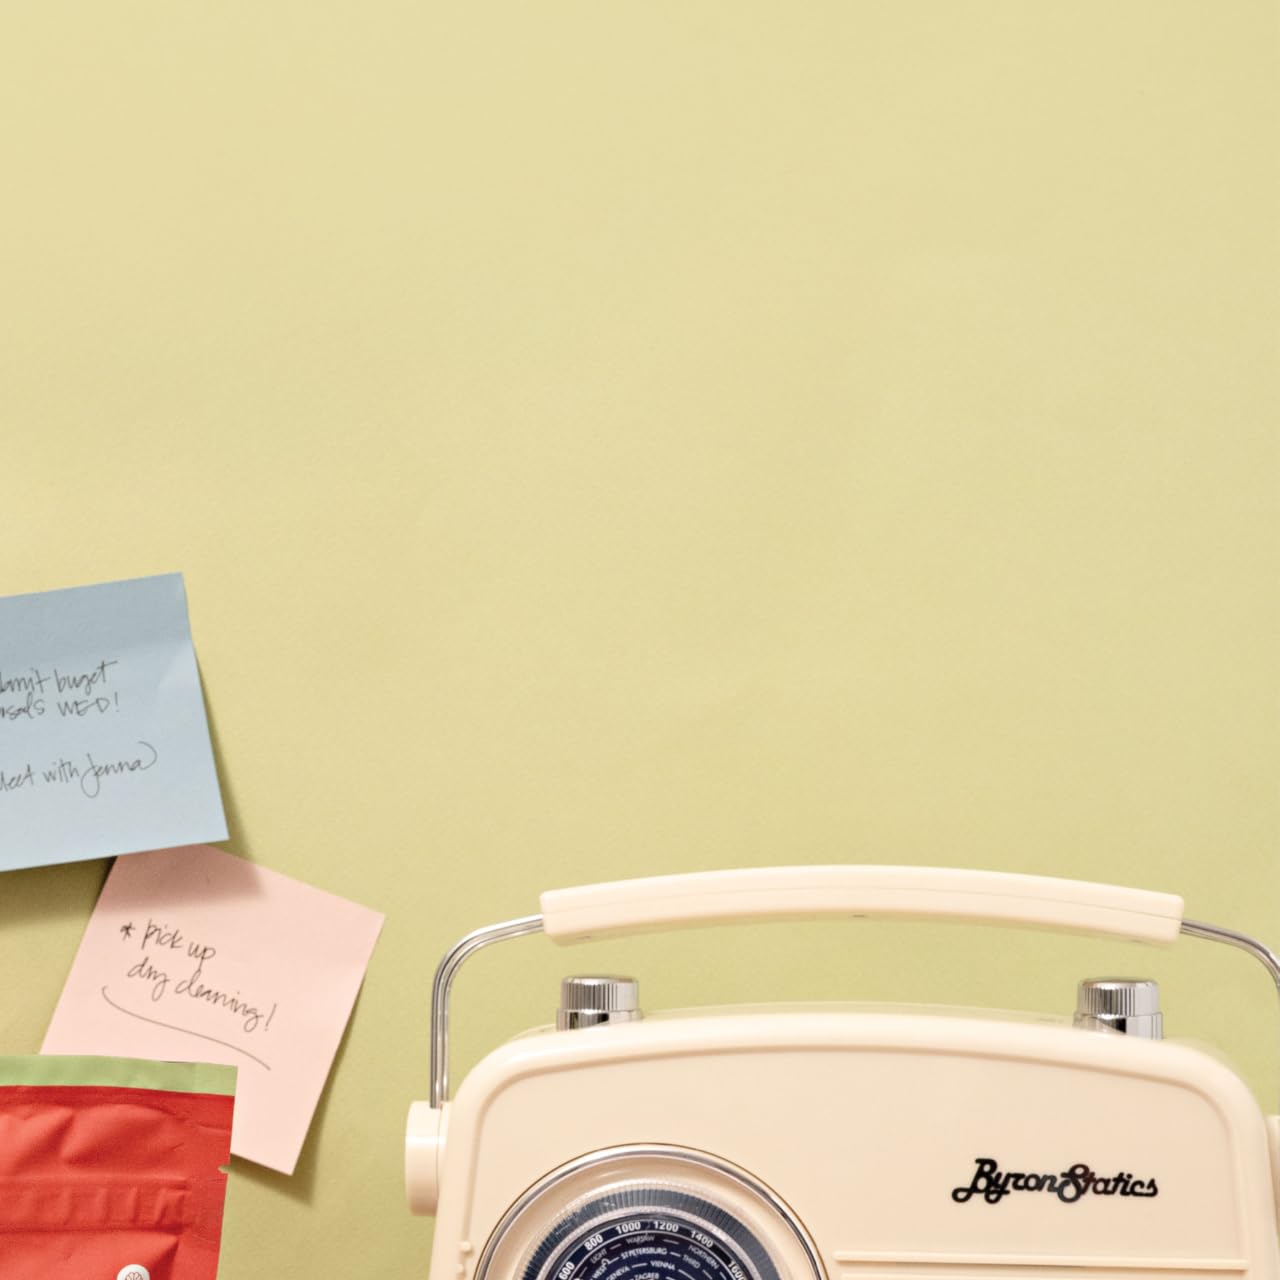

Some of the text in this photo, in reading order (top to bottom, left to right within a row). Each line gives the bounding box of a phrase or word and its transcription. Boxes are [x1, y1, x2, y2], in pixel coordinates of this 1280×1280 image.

[54, 660, 118, 696] buget
[57, 691, 120, 717] WED!
[43, 758, 80, 784] with
[81, 741, 158, 798] Jenna
[141, 918, 216, 971] pick up
[127, 956, 277, 1033] dry cleaning!
[558, 1261, 575, 1280] 600
[583, 1234, 604, 1251] 800
[615, 1221, 641, 1235] 1000
[653, 1220, 679, 1233] 1200
[690, 1230, 714, 1249] 1400
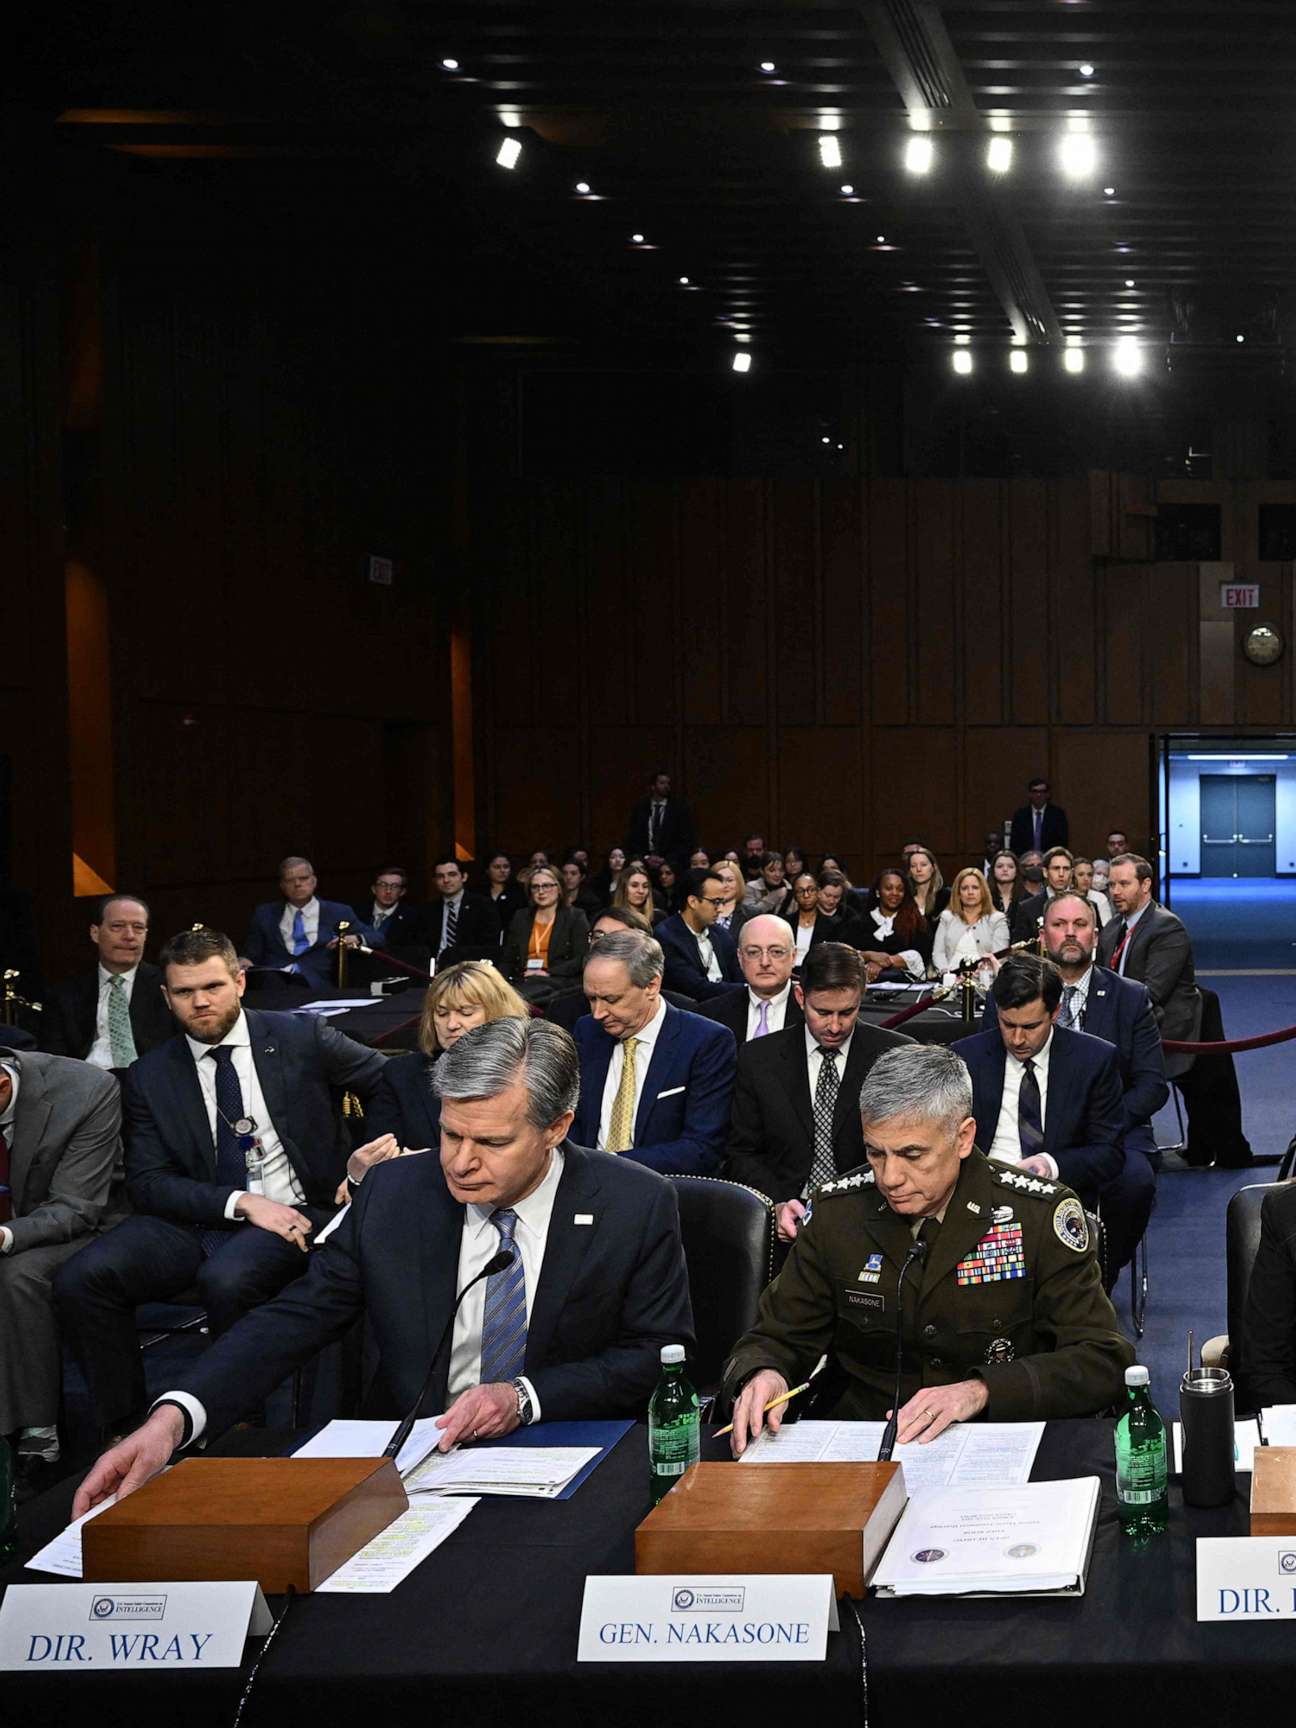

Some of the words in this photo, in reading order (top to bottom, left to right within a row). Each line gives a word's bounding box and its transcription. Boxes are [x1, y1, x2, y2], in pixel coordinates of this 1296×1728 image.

[1225, 588, 1255, 606] EXIT
[848, 1295, 881, 1308] NAKASONE
[1218, 1588, 1280, 1614] DIR.
[599, 1623, 658, 1644] GEN.
[667, 1623, 810, 1644] NAKASONE
[25, 1634, 93, 1661] DIR.
[109, 1633, 213, 1662] WRAY
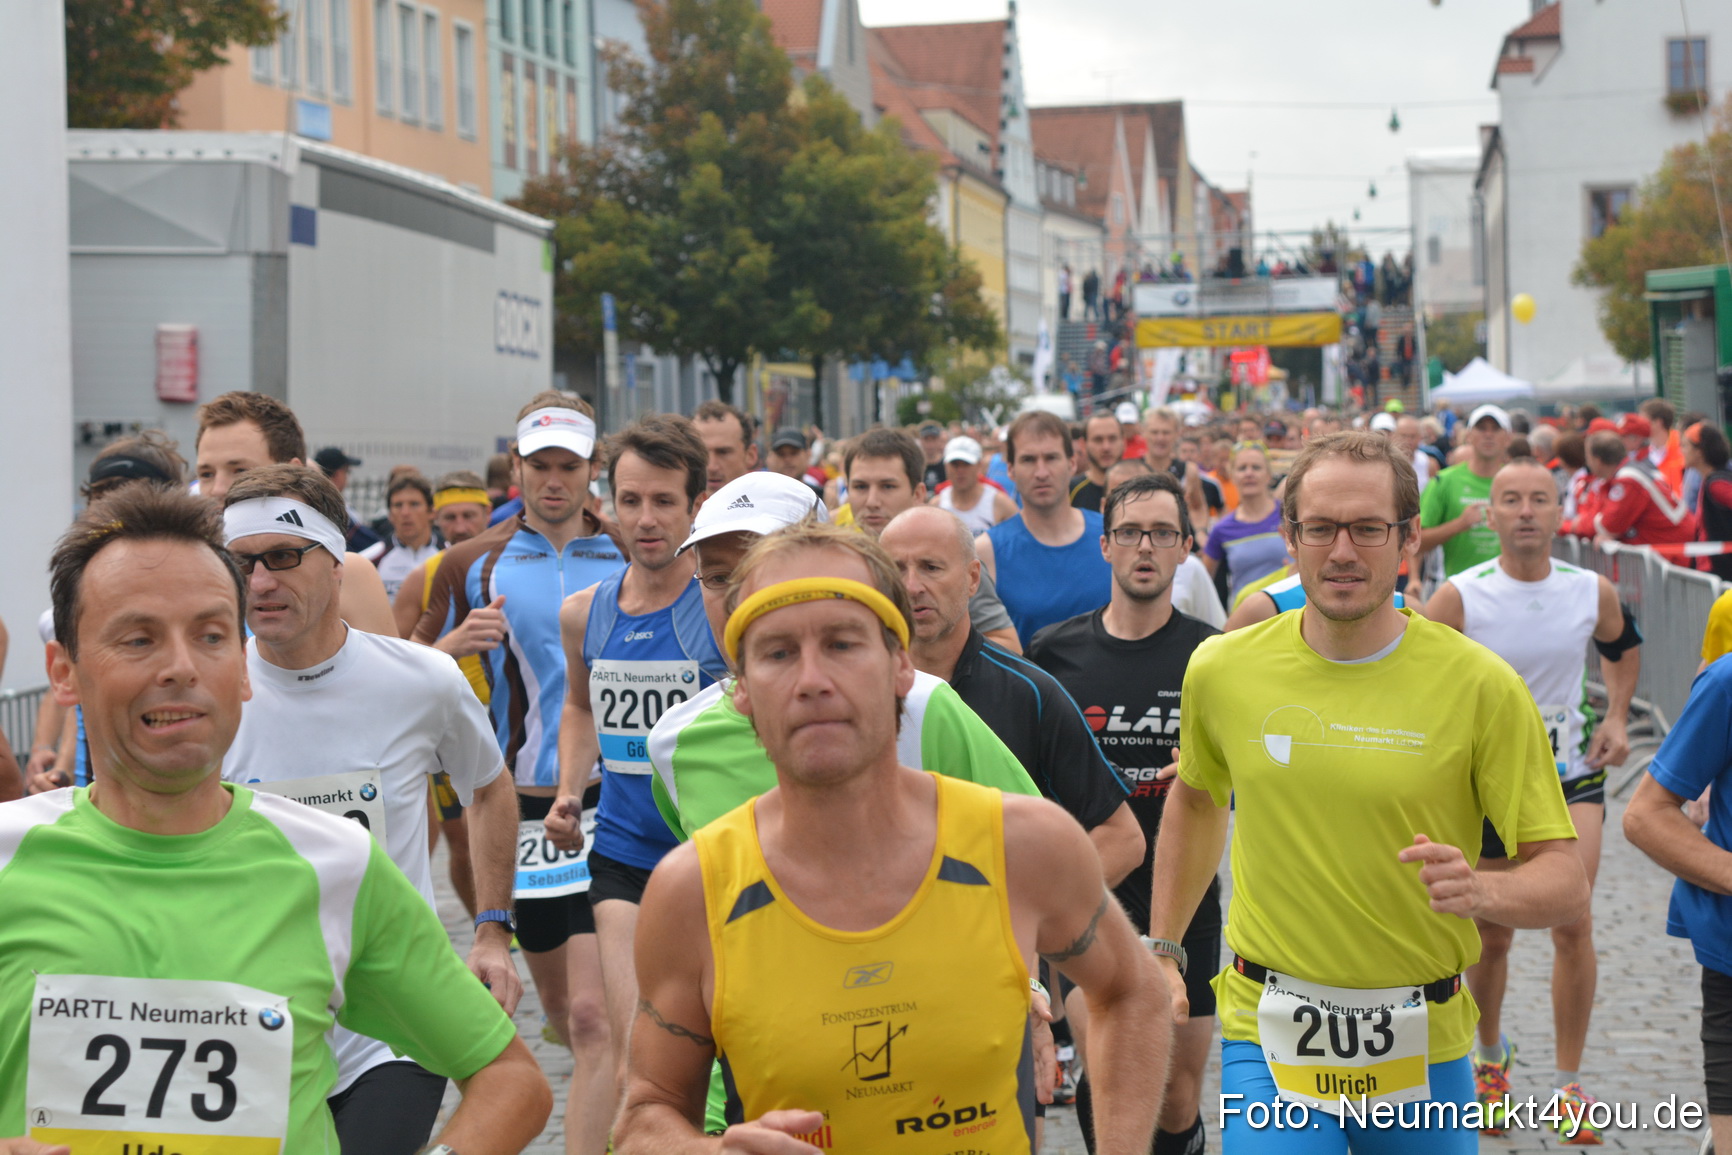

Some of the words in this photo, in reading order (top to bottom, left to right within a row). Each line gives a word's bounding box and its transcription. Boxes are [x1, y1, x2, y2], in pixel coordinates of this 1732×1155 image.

[1202, 322, 1272, 341] START
[592, 671, 622, 683] PARTL
[624, 672, 677, 683] Neumarkt
[1330, 723, 1364, 734] Kliniken
[1366, 726, 1380, 734] des
[1103, 737, 1118, 745] TO
[1120, 737, 1153, 745] YOUR
[1353, 734, 1395, 745] Neumarkt
[626, 741, 649, 758] Gö
[38, 997, 123, 1020] PARTL
[130, 1002, 248, 1026] Neumarkt
[1293, 1004, 1395, 1059] 203
[81, 1033, 238, 1122] 273
[1315, 1073, 1377, 1095] Ulrich

_ _ _

TO DO =>
An exact copy of the records above is needed, with the pictures removed.

THE ANSWER =>
Some of the text in this photo, in reading order (top to bottom, left to right within a row). Each line gives the bounding box of a phrase or word and its transcription. Boxes are [x1, y1, x2, y2], in pixel coordinates of this 1280×1280 image.

[54, 660, 118, 696] buget
[57, 691, 120, 717] WED!
[43, 758, 80, 784] with
[81, 741, 158, 798] Jenna
[141, 918, 216, 971] pick up
[127, 956, 277, 1033] dry cleaning!
[558, 1261, 575, 1280] 600
[583, 1234, 604, 1251] 800
[615, 1221, 641, 1235] 1000
[653, 1220, 679, 1233] 1200
[690, 1230, 714, 1249] 1400

Some of the words in this photo, in reading order (top to bottom, left to right within a row). Each line gives a word's bounding box and its transcription. Boxes are [x1, y1, x2, y2], in pixel coordinates of this 1296×1728 image.

[1225, 588, 1255, 606] EXIT
[848, 1295, 881, 1308] NAKASONE
[1218, 1588, 1280, 1614] DIR.
[599, 1623, 658, 1644] GEN.
[667, 1623, 810, 1644] NAKASONE
[25, 1634, 93, 1661] DIR.
[109, 1633, 213, 1662] WRAY

Some of the words in this photo, in reading order (top to bottom, left to right within a row). Each line gives a word's bounding box and its transcription. Boxes are [x1, y1, x2, y2], in pixel coordinates of this 1732×1155 image.

[1202, 322, 1272, 341] START
[592, 671, 622, 683] PARTL
[624, 672, 677, 683] Neumarkt
[1330, 723, 1364, 734] Kliniken
[1366, 726, 1380, 734] des
[1103, 737, 1118, 745] TO
[1120, 737, 1153, 745] YOUR
[1353, 734, 1395, 745] Neumarkt
[626, 741, 649, 758] Gö
[38, 997, 123, 1020] PARTL
[130, 1002, 248, 1026] Neumarkt
[1293, 1004, 1395, 1059] 203
[81, 1033, 238, 1122] 273
[1315, 1073, 1377, 1095] Ulrich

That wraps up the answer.